26 Septembre 2016
Kirk Douglas, 100 ans et peut-être plus toutes ses dents mais encore toute sa tête, a écrit un billet sur le Huff Post américain. Je l'ai trouvé magnifique, touchant et lucide, donc je me suis permis de le traduire au mieux de mes possibilités pour le partager avec vous. Et même s'il parle des USA, ça s'applique parfaitement aussi à certains de nos candidats ici.
"Je suis dans ma centième année. Quand je suis né à Amsterdam (état de New York) en 1916, le Président des USA était Woodrow Wilson.
Mes parents, qui ne savaient ni parler ni écrire anglais, étaient des migrants de Russie. Ils faisaient partie de la grande vague d'immigration de plus de deux millions de juifs fuyant les pogroms meurtriers du Tsar au début du XXe siècle. Ils cherchaient une vie meilleure dans un pays magique, où, pensaient-ils, les rues étaient pavées d'or.
Ce qu'ils n'avaient pas réalisé avant d'arriver, c'est que ces magnifiques mots gravés sur la Statue de la Liberté "Donnez-moi ces foules fatiguées, pauvres, entassées aspirant à respirer librement" ne s'appliquaient pas équitablement à tous les néo-américains. Russes, Polonais, Italiens, Irlandais et plus particulièrement catholiques et juifs, étaient stigmatisés et ressentaient l'opprobe d'être traités comme des étrangers, comme des personnes qui ne seraient jamais de "vrais" américains.
Rien de nouveau donc sous le soleil. Depuis ma naissance, notre planète a tourné 100 fois autour de lui. À chaque orbite, j'ai vu notre pays et notre monde évoluer d'une manière que mes parents n'auraient pu imaginer, et qui continuent à m'étonner à chaque année qui passe.
Pendant ma vie, les femmes ont acquis le droit de vote et l'une d'elle est désormais la candidate d'un de nos partis politiques majeur. Un catholique irlando-américain a été élu président. Et encore plus incroyable, un Afro-Américain est notre président aujourd'hui.
Plus j'ai vécu, moins j'ai été surpris par l'inévitabilité de ces changements et je me réjouis de voir à quel point ceux-ci ont été positifs.
J'ai vécu la Grande Dépression, deux Guerres Mondiales, la seconde ayant été initiée par un homme qui avait promis à son pays de lui rendre toute sa grandeur.
J'avais 16 ans quand cet homme est arrivé au pouvoir. Pendant les 10 ans de son accession, on ne le prenait pas au sérieux. Un bouffon qui ne pouvait certainement pas convaincre une population cultivée et civilisée avec ses théories nationalistes haineuses.
Tous les experts pensaient qu'il n'était qu'une blague. Ils avaient tort.
Il y a quelques semaines, nous avons entendu, ma femme Anne, originaire d'Allemagne, et moi des paroles qui nous ont glacé jusqu'au sang.
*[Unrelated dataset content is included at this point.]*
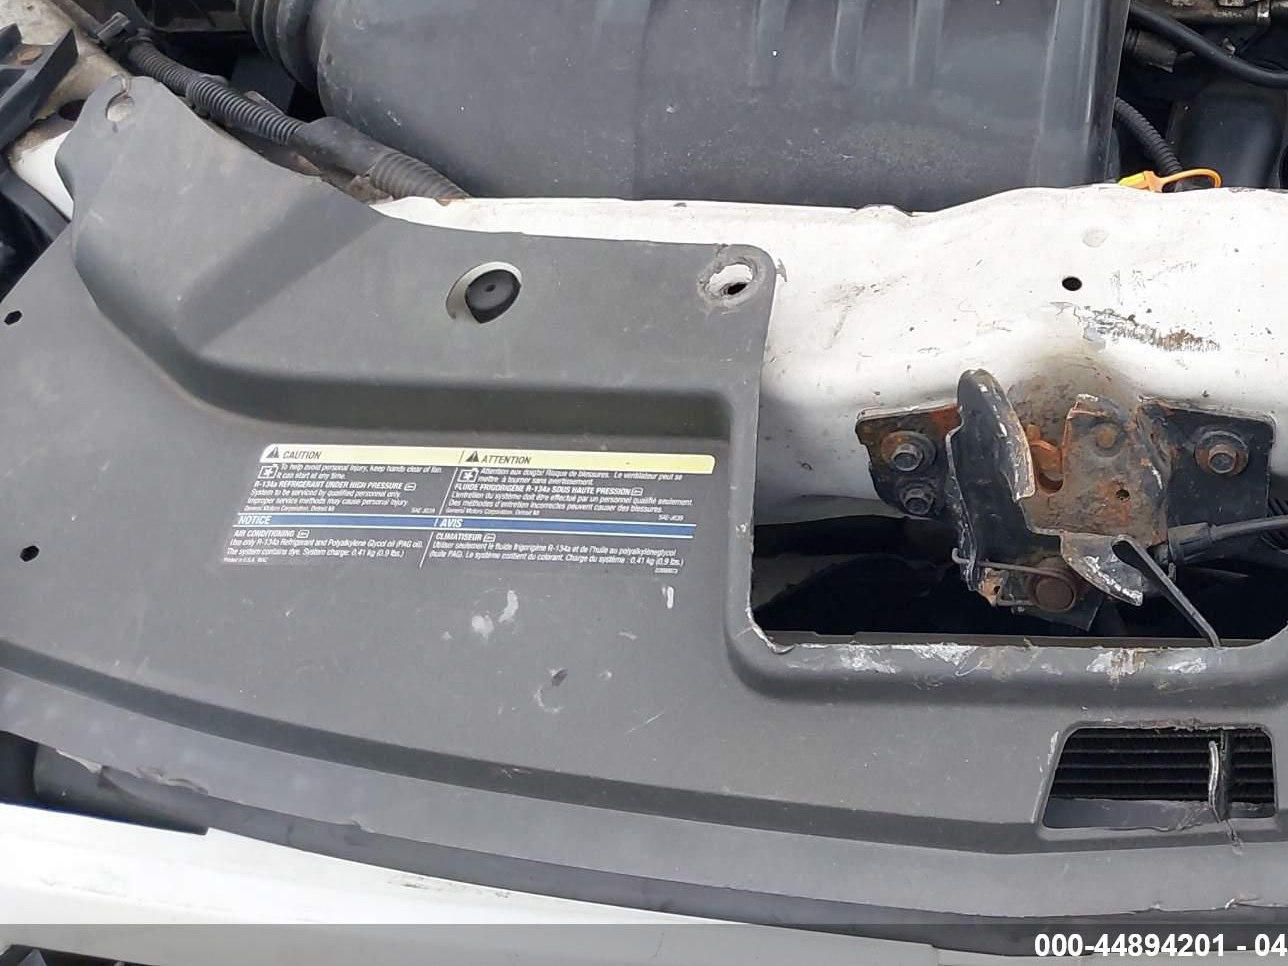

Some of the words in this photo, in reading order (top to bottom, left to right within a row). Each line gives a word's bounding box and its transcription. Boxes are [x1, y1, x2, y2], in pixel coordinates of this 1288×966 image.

Des mots qui auraient pu être prononcés en 1933 :
"Nous devons dire clairement à ceux qui souhaitent rejoindre notre pays qu'ils ne pourront pas tous s'intégrer. C'est notre droit, en tant que nation souveraine de choisir l'immigration la plus à même de se développer et s'épanouir... (à travers) de nouveaux tests pour tous les candidats incluant une enquête idéologique afin de s'assurer que ceux qui rejoignent notre pays partagent ses valeurs".
Ce ne sont pas là les valeurs américaines pour lesquelles notre pays s'est battu lors de la IIe Guerre Mondiale.
Jusqu'ici, je pensais avoir tout vu dans ma vie. Mais je n'avais pas encore tout entendu, comme cet alarmisme, cette stratégie de la peur de la part d'un candidat au poste de président.
J'ai vécu une longue et très belle vie. Je ne serai plus là pour voir les conséquences d'un si tragique désastre sur notre pays s'il est élu. Mais vos enfants et les miens seront là. Et les enfants de leurs enfants aussi.
Nous aspirons tous à la liberté. C'est ce qui a construit ce pays. J'ai toujours été très fier d'être américain. Je prie pour que quand je ne serai plus là, les choses restent ainsi. Nous sommes en démocratie, c'est à nous de faire ce choix.
Mon centième anniversaire sera exactement un mois et une semaine après l'élection. J'aimerais pouvoir le fêter en soufflant mes bougies et en chantant que les jours heureux sont à nouveau là.
Comme le disait si bien ma belle amie Lauren Bacall : "Tu sais siffler, non ? Rapproche juste tes lèvres et souffle".
Le texte original :
I am in my 100th year. When I was born in 1916 in Amsterdam, New York, Woodrow Wilson was our president.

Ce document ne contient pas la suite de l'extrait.